𝟯𝟳. 𝗔𝗗𝗢𝗡𝗜𝗦 𝗟𝗘𝗕𝗟𝗔𝗡𝗖
«Mi stai prendendo per il culo?»
Inalai un grande respiro, come se l'aria fosse improvvisamente diventata troppo densa, quasi da soffocarmi.
«No. Te l'ho detto: è la Morte.» La guardai, gli occhi fissi nei suoi con una miscela di rabbia repressa.
«Tu lo sai che è un problema, se davvero mi stai dicendo la verità, ovviamente?» Ellen gesticolò nervosamente, rimettendo insieme le idee. Aveva ragione, ma non mi interessava.
«È la verità» ribattei senza esitazioni, il tono quasi tagliente. «Dicevi... perché è un problema?»
Lei non rispose subito. Limitandosi ad alzare le spalle con indifferenza, si lasciò cadere sul letto; il materasso scricchiolò sotto il suo peso. Gli occhi vagarono per la stanza, cercando di distrarsi dalla pesantezza della situazione. «Perché soggiorni in un motel?»
L'inquietudine di quella domanda mi colpii più del previsto.
«Ellen!» Mi ritrovai a esclamare con autorità. «Niente domande. Rispondimi.»
«Vuoi che ti risponda dopo che, quando lo hai scoperto, hai mantenuto i nervi saldi?» Quasi si esaltò dal nervosismo. «Tu sei folle!»
No, non lo sono.
O forse, sì.
Mi pizzicai gli occhi, il corpo che cedeva alla stanchezza, sedendomi su una sedia di velluto rosso.
«E se fosse solo una malata di mente?» La domanda le uscii a fatica, quasi non volesse pronunciarla.
«Ellen...» La esortai con voce bassa, rassegnata, ma lei non se ne curò. Si fece più decisa, le mani impazienti che battevano sulle lenzuola.
«Adonis, tutti pensano di essere santi o messaggeri di Dio» sbottò, alzando la voce. «Ma sono solo fuori di testa!»
A quel punto, mimò un gesto esagerato: portando il dito alla tempia, lo fece roteare più volte, sottolineando un chiaro simbolo di follia.
«Pensano di vedere una luce divina e giurano che sia la Madonna! Non è così che funziona!» Il tono acuto e ansioso, provando a convincere sé stessa più che me. Ma la sua espressione tradiva l'incertezza: stava cercando di convincermi che c'era una spiegazione razionale, lottando contro ciò che non riusciva ad accettare.
Schiusi le labbra, bagnandole, tutto per prendere tempo.
«Ti sei mai chiesta perché uno come Miles Campbell sia scomparso?» domandai, con una punta di freddezza, come se stessi gettando un sasso in uno stagno calmo, volendo scoprire cosa ci fosse sotto la superficie.
Ellen mi guardò, imbronciata. «Non fare il gioco del mistero con me, Adonis» ribatté, alzando il sopracciglio con una certa apprensione.

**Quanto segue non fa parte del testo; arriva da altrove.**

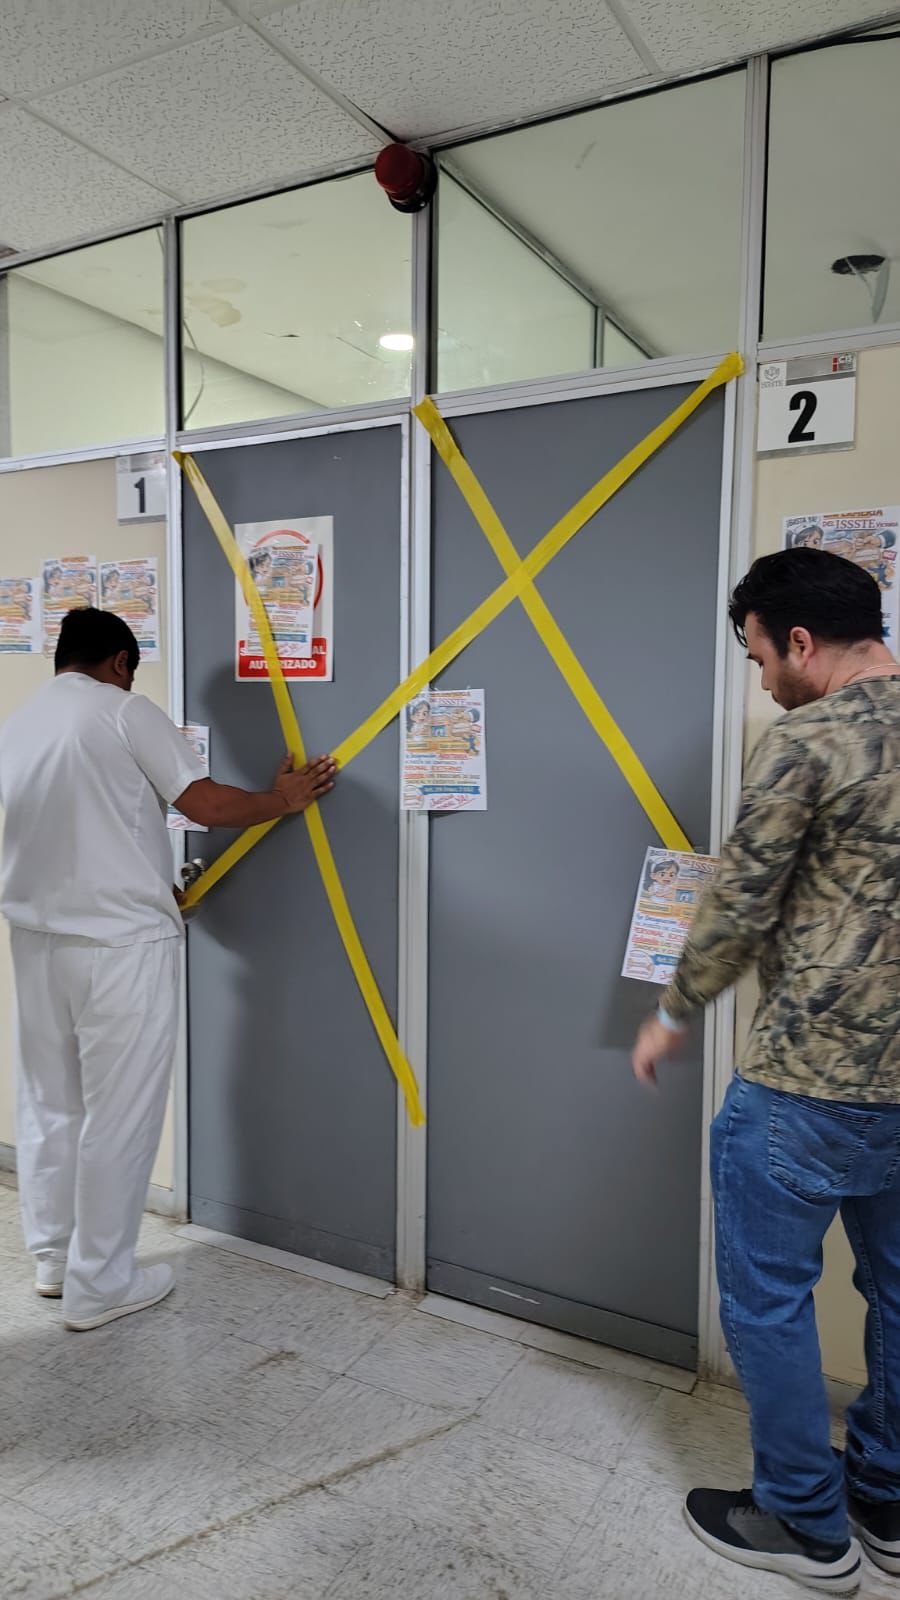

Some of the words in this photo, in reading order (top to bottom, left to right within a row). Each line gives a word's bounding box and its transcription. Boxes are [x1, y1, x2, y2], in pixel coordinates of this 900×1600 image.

Mi alzai dalla sedia con calma, le mani che si incrociavano dietro la schiena e gli occhi che non la lasciavano mai. «Un detective che segue il caso di Miles mi ha detto che Heather, la sera della scomparsa, era nel suo pickup.»
La reazione di Ellen fu immediata. I suoi occhi si spalancarono, come se le avessi appena tirato un pugno in faccia.
«Che... cosa?» Un'espressione di incredulità pura le attraversò il volto. «Perché non me l'hai detto prima?»
Mi fermai, a un passo dalla sua domanda, cercando di trovare le parole giuste. Ma la verità era che non sapevo cosa dirle.
Perché non le ho detto un'informazione così importante?
Forse avevo paura che reagisse come una fottuta pazza, oppure, forse, avevo paura che si comportasse proprio come una fottuta pazza.
«Lei c'entra qualcosa?» Mi guardò per un istante con un'espressione indecifrabile.
«Forse.»
Ellen, che fino a quel momento era stata in silenzio, tirò un lungo respiro. «Metterci in conflitti del genere» fece, con un tono di voce inquieta. «Causerà solo caos. Se lei è qui, significa che qualcosa è stato distrutto.»
«Distrutto, come?»
«Se la Morte è qui, se qualcosa è stato distrutto, allora le cose stanno andando ben oltre quello che credi»sussurrò, con la paura di essere sentita da qualcuno. O qualcosa. «Forse, lei non ti ha detto tutta la verità.»